INTELLIGENCE

Retroactive Identification of Real Parties In Interest

What Do We know?

1. PTAB granted Petitioner’s motion to update its mandatory notices to identify an additional real party in interest (RPI), while maintaining the petition’s filing date.

2. Petitioner filed its petition within the one-year statutory period under 35 U.S.C. § 315(b) but did not identify a sister company, and litigation co-defendant, as RPI.

3. Patent Owner argued for termination under 35 U.S.C. § 312(a)(2) (petition must identify “all” RPIs), because early PTAB decisions re-set a petitioner’s filing date when updating RPIs, thereby triggering termination under the § 315(b) time bar.

4. PTAB cited the Federal Circuit’s decision in Wi-Fi One, LLC v. Broadcom Corp., 878 F.3d 1364, 1374 n.9 (Fed. Cir. 2018) (en banc) that it “is incorrect” to “conflate[] ‘real party in interest’ as used in § 312(a)(2) and § 315(b), and claim[] that ‘§ 312(a)(2) is part and parcel of the timeliness inquiry under § 315.’”

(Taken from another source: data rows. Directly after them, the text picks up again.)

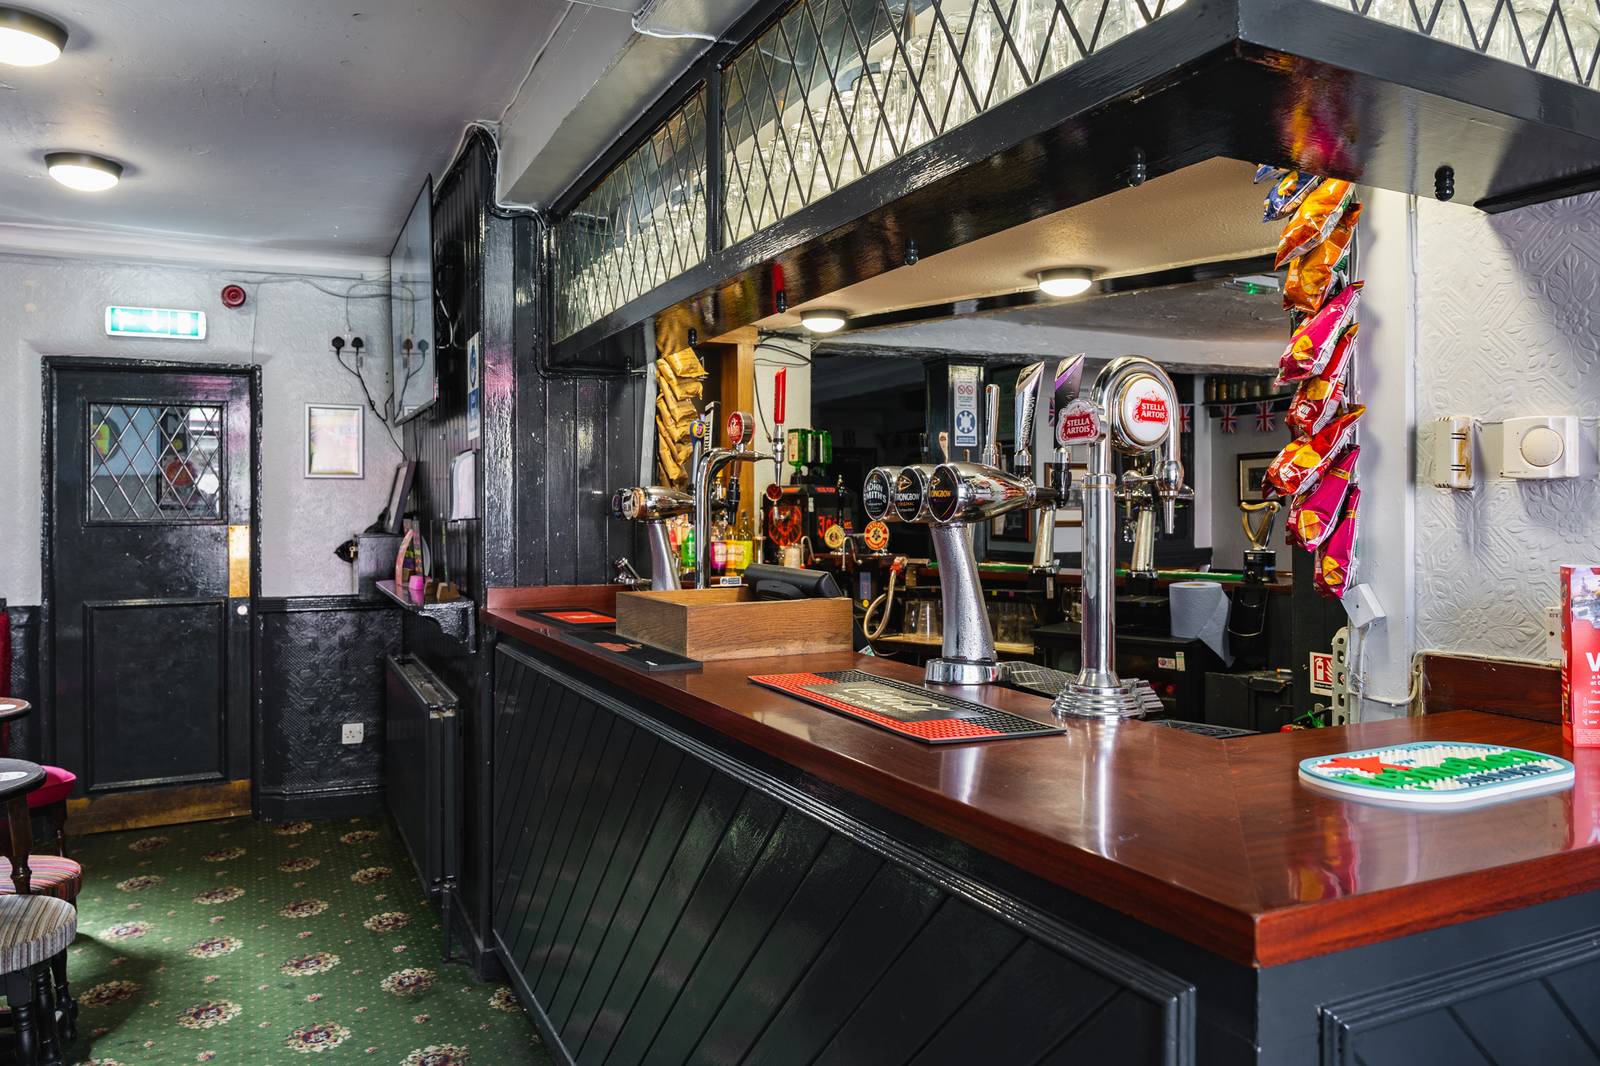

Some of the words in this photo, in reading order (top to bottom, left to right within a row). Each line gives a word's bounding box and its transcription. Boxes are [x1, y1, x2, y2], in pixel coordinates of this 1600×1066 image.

[1140, 402, 1166, 412] STELLA
[1140, 410, 1166, 419] ARTOIS
[1066, 417, 1090, 427] STELLA
[1066, 425, 1091, 435] ARTOIS
[894, 492, 920, 501] TRONGBOW
[929, 489, 952, 497] ONGBOW
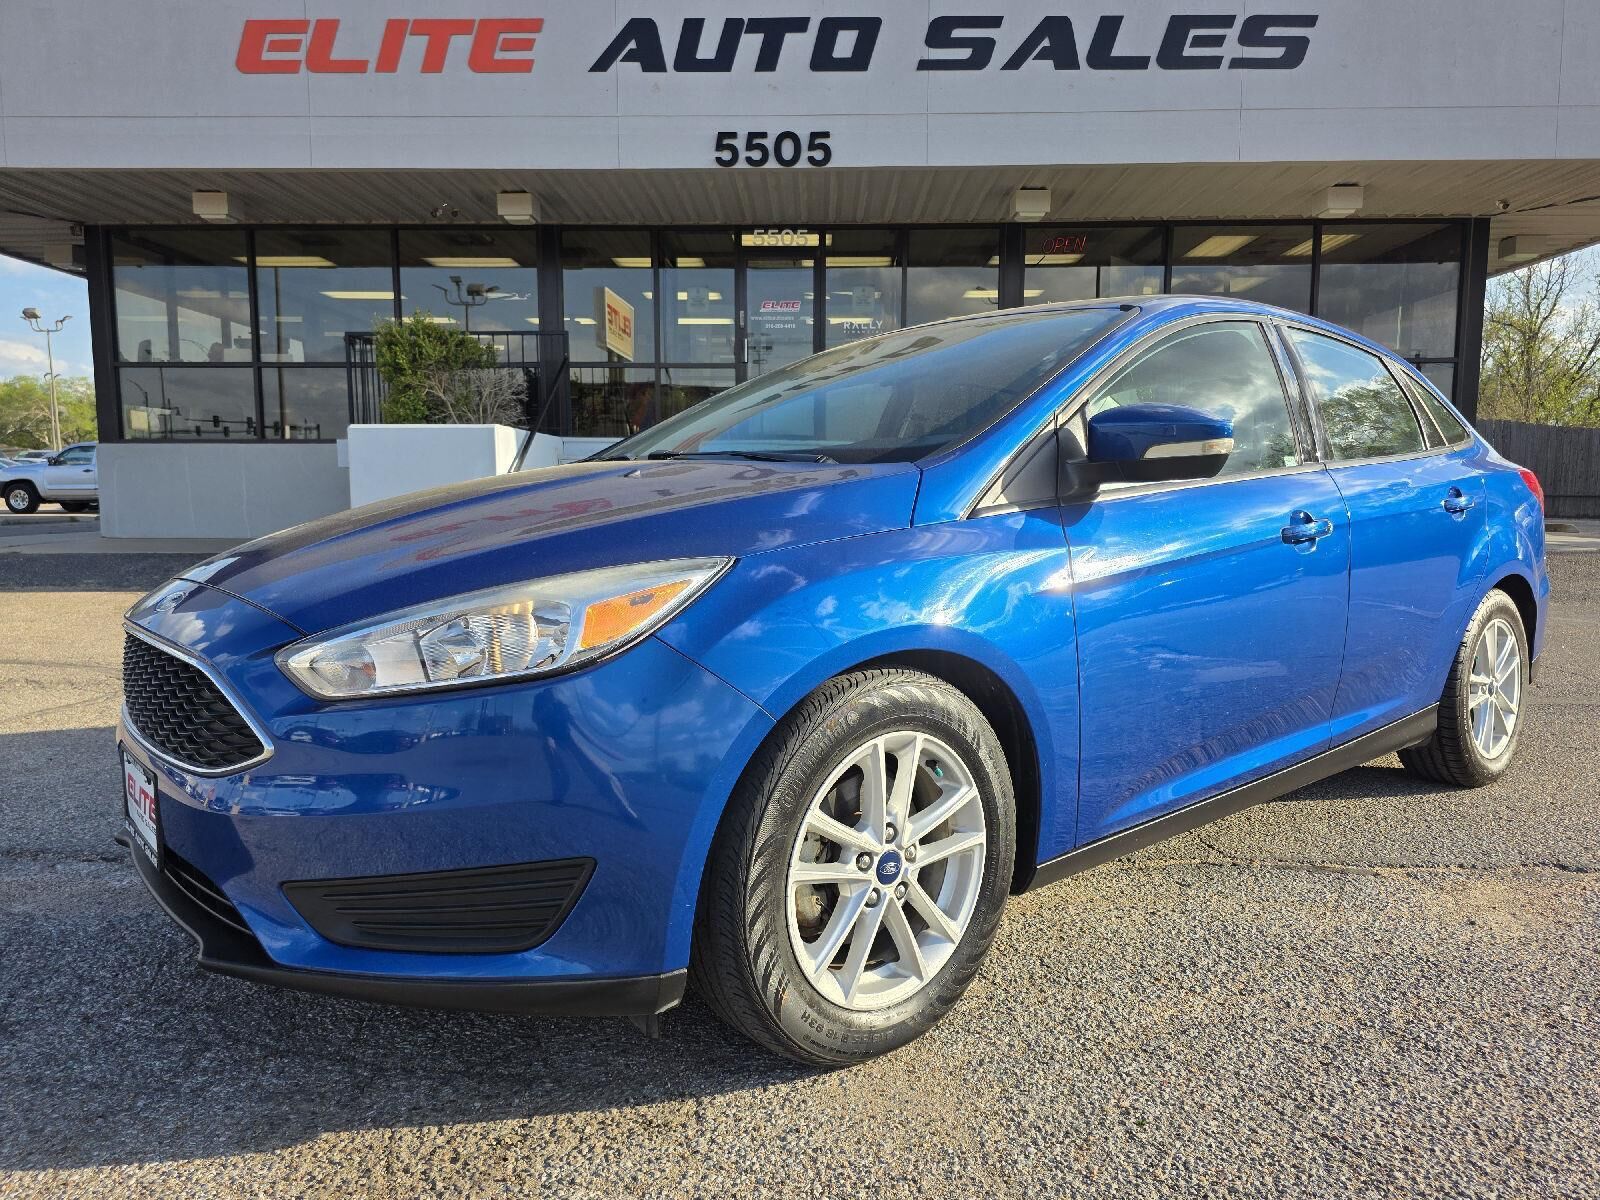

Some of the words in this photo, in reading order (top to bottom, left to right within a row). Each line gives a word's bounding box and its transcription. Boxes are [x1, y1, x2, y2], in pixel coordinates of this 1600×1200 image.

[236, 18, 543, 73] ELITE
[588, 17, 882, 72] AUTO
[916, 15, 1318, 71] SALES
[715, 131, 832, 167] 5505
[753, 229, 808, 246] 5505
[1043, 235, 1087, 253] OPEN
[761, 300, 801, 309] ELITE
[843, 320, 883, 330] RALLY
[128, 772, 157, 827] ELITE
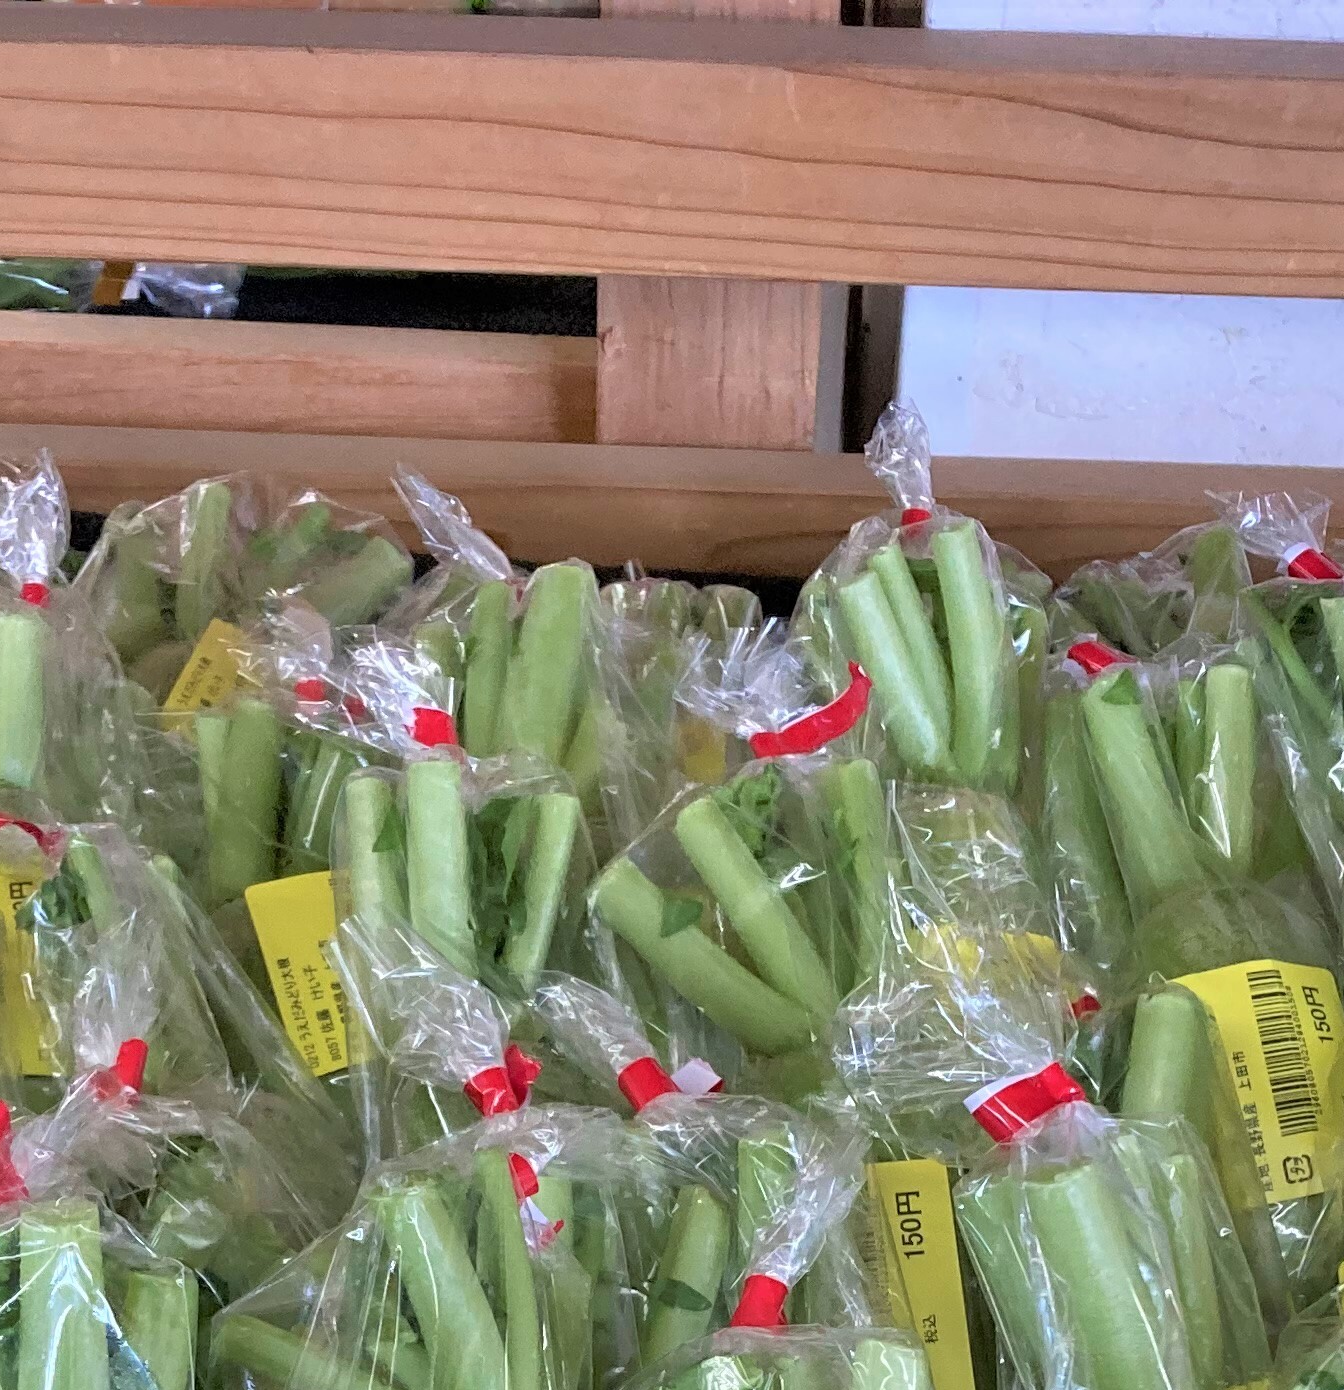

5. Because the petition was timely filed and there was no evidence of “intentional concealment, bad faith, an attempt to circumvent the estoppel rules, or any other material benefit to [Petitioner],” the motion was granted in the “interest of justice.”

Practice Tips:

This decision represents a clear break from early PTAB decisions that wrongly conflated time-bar considerations with pleading formalities. The keys here are that Petitioner filed its petition within one year from service of the patent infringement complaint and there was no evidence of time-bar avoidance “shenanigans.”

PTAB emphasized the “core functions” of identifying all RPIs: allowing judges to identify potential conflicts and ensuring proper application of collateral estoppel should a petitioner be unsuccessful in a final written decision.

PTAB’s precedential decision in Lumentum Holdings, Inc. v. Capella Photonics, Inc., IPR2015-00739, 2016 WL 2736005 at *3 (PTAB Mar. 4, 2016) (precedential), cited with approval in footnote 9 of the en banc Wi-Fi One decision, establishes procedures for rectifying non-compliance with the mandatory notice requirements, which are not jurisdictional.

PTAB cited a recent USPTO intervenor’s brief that analogized the practice of identifying additional RPIs in updated mandatory notices to the approach used in district courts pursuant to Fed. R. Civ. P. 17(a), which allows a plaintiff “a reasonable time” for correction. See Mayne Pharma Int’l Pty, Ltd. v. Merck Sharp & Dohme Corp., No. 18-1593, ECF No. 46 (Fed. Cir. Aug. 30, 2018).

This a welcomed change in direction by the PTAB, but remember, a petitioner must ask for the Board’s authorization to file a motion to update mandatory notices while maintaining the original filing date of the petition, in accordance with Lumentum.